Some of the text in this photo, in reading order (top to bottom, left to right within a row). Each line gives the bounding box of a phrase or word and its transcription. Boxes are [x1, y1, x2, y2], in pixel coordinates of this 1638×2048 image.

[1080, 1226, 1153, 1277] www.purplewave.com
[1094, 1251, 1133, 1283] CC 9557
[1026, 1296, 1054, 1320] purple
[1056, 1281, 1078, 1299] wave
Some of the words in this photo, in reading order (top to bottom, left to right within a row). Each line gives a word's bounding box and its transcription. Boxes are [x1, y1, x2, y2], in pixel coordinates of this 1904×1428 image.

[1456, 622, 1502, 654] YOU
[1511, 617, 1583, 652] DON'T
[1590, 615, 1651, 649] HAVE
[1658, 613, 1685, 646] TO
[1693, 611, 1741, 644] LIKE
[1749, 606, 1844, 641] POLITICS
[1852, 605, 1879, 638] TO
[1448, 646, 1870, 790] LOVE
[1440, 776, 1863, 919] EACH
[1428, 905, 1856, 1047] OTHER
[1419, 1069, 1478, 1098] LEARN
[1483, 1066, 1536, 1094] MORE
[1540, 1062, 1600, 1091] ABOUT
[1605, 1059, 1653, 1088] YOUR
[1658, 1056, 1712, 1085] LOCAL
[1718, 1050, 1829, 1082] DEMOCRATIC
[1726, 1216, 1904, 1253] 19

◇ ◇ ◇ ◇ ◇ ◇ ◇

### What you should do
Nothing is to be left out when the listing is copied, and every line must match exactly.

### Solution to the exercise
Some of the text in this photo, in reading order (top to bottom, left to right within a row). Each line gives the bounding box of a phrase or word and its transcription. Boxes are [x1, y1, x2, y2], in pixel coordinates of this 1638×2048 image.

[1080, 1226, 1153, 1277] www.purplewave.com
[1094, 1251, 1133, 1283] CC 9557
[1026, 1296, 1054, 1320] purple
[1056, 1281, 1078, 1299] wave
Some of the words in this photo, in reading order (top to bottom, left to right within a row). Each line gives a word's bounding box and its transcription. Boxes are [x1, y1, x2, y2], in pixel coordinates of this 1904×1428 image.

[1456, 622, 1502, 654] YOU
[1511, 617, 1583, 652] DON'T
[1590, 615, 1651, 649] HAVE
[1658, 613, 1685, 646] TO
[1693, 611, 1741, 644] LIKE
[1749, 606, 1844, 641] POLITICS
[1852, 605, 1879, 638] TO
[1448, 646, 1870, 790] LOVE
[1440, 776, 1863, 919] EACH
[1428, 905, 1856, 1047] OTHER
[1419, 1069, 1478, 1098] LEARN
[1483, 1066, 1536, 1094] MORE
[1540, 1062, 1600, 1091] ABOUT
[1605, 1059, 1653, 1088] YOUR
[1658, 1056, 1712, 1085] LOCAL
[1718, 1050, 1829, 1082] DEMOCRATIC
[1726, 1216, 1904, 1253] 19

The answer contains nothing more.